Bruce is concerned because footage of the fight is distorted but both Jason and Tim take one look and laugh. “It’s just Danny. We already vetted him. He’s good,l. Remember the GCPD’s request about that kid who disarmed a bomb and disappeared? That was Danny. He was tired and likes to canabilize machines for his projects.”
Danny not a born Gothamite, but he certainly feels like one so they accept him into the fold easily enough.
Found this while going through my fanfic files, and i absolutely had to share.
Danny: i want in
Red robin: …what?
Danny: your bat family. I want in.
Red robin, blinking in surprise: i dont know what you think you know about my associates, but we're not-
Danny: dont be obtuse. I know youre the smart one. And i also know that your all one big relatively happy family. I want in.
Red robin: …why?
Danny: because you guys are the first people ive found that are wealthy, intelligent and powerful enough to take on my fruitloop godfather and win AND are decent enough human beings that i can be assured that when all is said and done, my well-being will remain a top priority.

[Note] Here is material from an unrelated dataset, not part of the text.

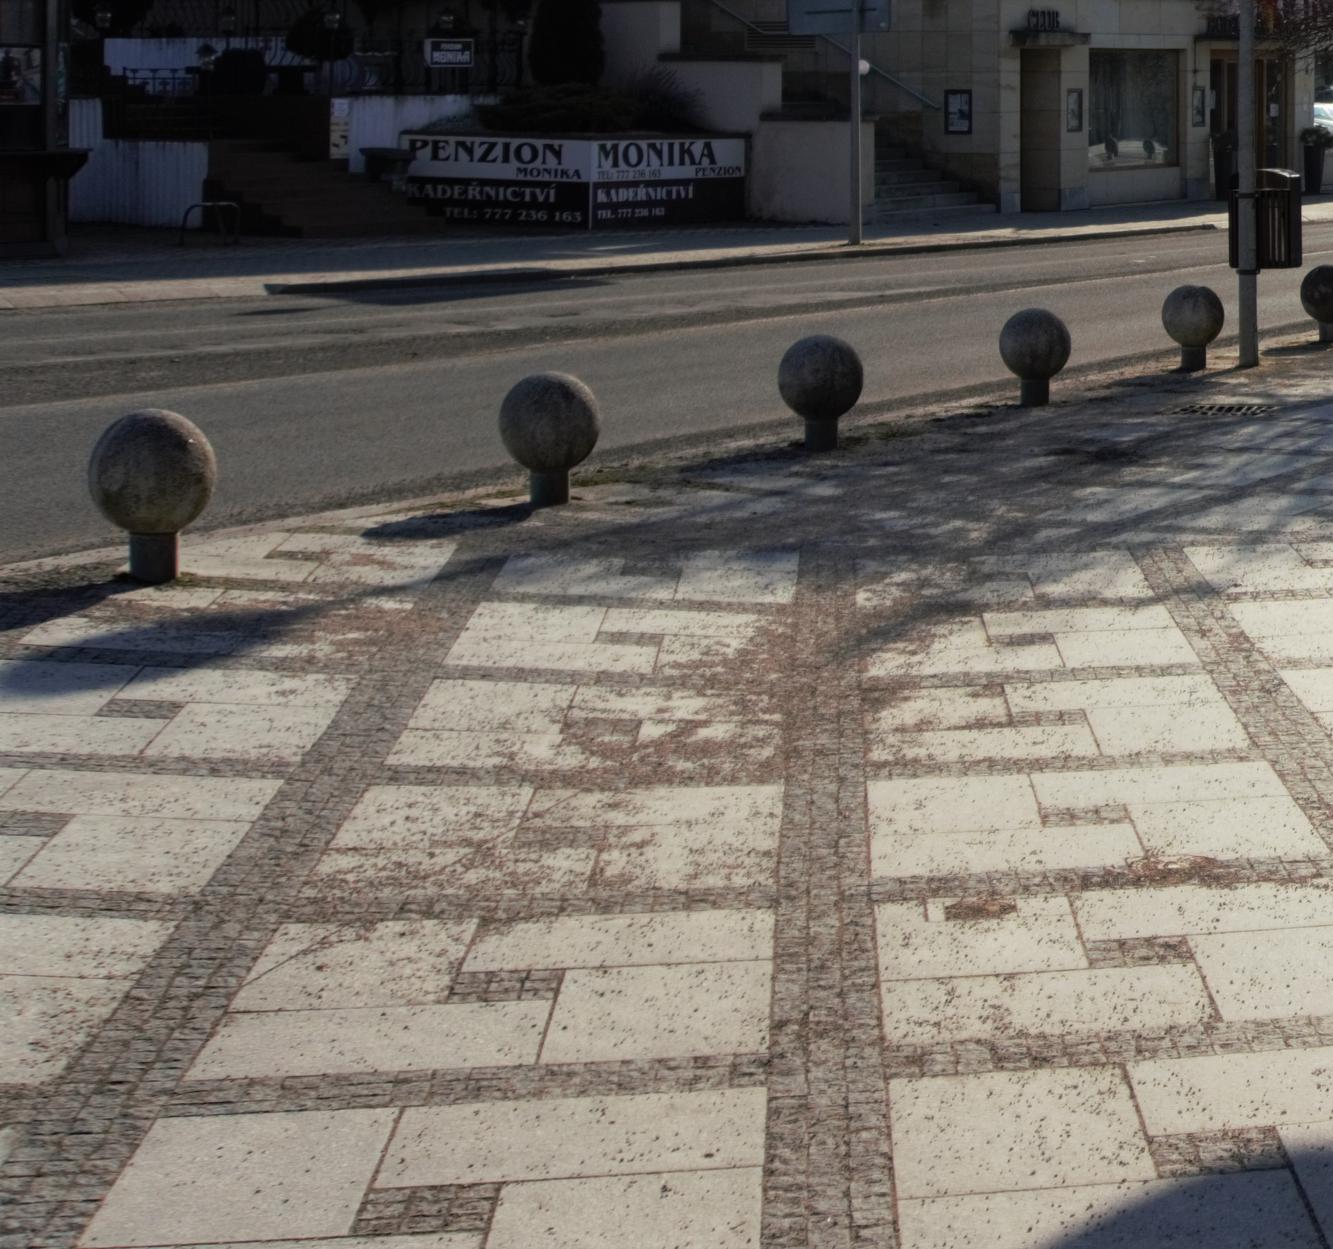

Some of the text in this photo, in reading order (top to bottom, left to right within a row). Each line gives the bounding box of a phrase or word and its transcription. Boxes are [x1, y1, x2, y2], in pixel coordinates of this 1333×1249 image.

Orphan, appearing out of nowhere: new brother!
Danny: *stares in shock*
Danny: *sudden uncanny grin* well that's one convinced. How do i win over the rest?
Orphan: no need. New brother!
Red robin: *pointed glance of betrayal* fine. Who is your godfather?
Danny: vlad masters. He's a fruitloop.
Red robin: for real? B's been investigating him for years! Tell me everything! *genuinely excited for a new lead*
Danny: well, he's tried to murder my dad and marry my mom, gained his wealth illegally, committed voting fraud to become the mayor of my hometown, has a secret underground lab where he does unethical experiments, and he's abducted me more than a dozen times even before my parents disowned me to make me his evil apprentice or whatever. Now that im homeless, he's literally out to get me. Oh! And he's cloned me too! She's cool though, we're buddies now.
Batman, who just arrived but heard everything over comms: hn. (Translation: who are you?)
Danny: my name is Danny. No last name anymore, but im hoping itll soon be Wayne! *winking suggestively*
Batman: hn? (how much do you know?)
Danny: enough to know that youre a much better alternative to vlad.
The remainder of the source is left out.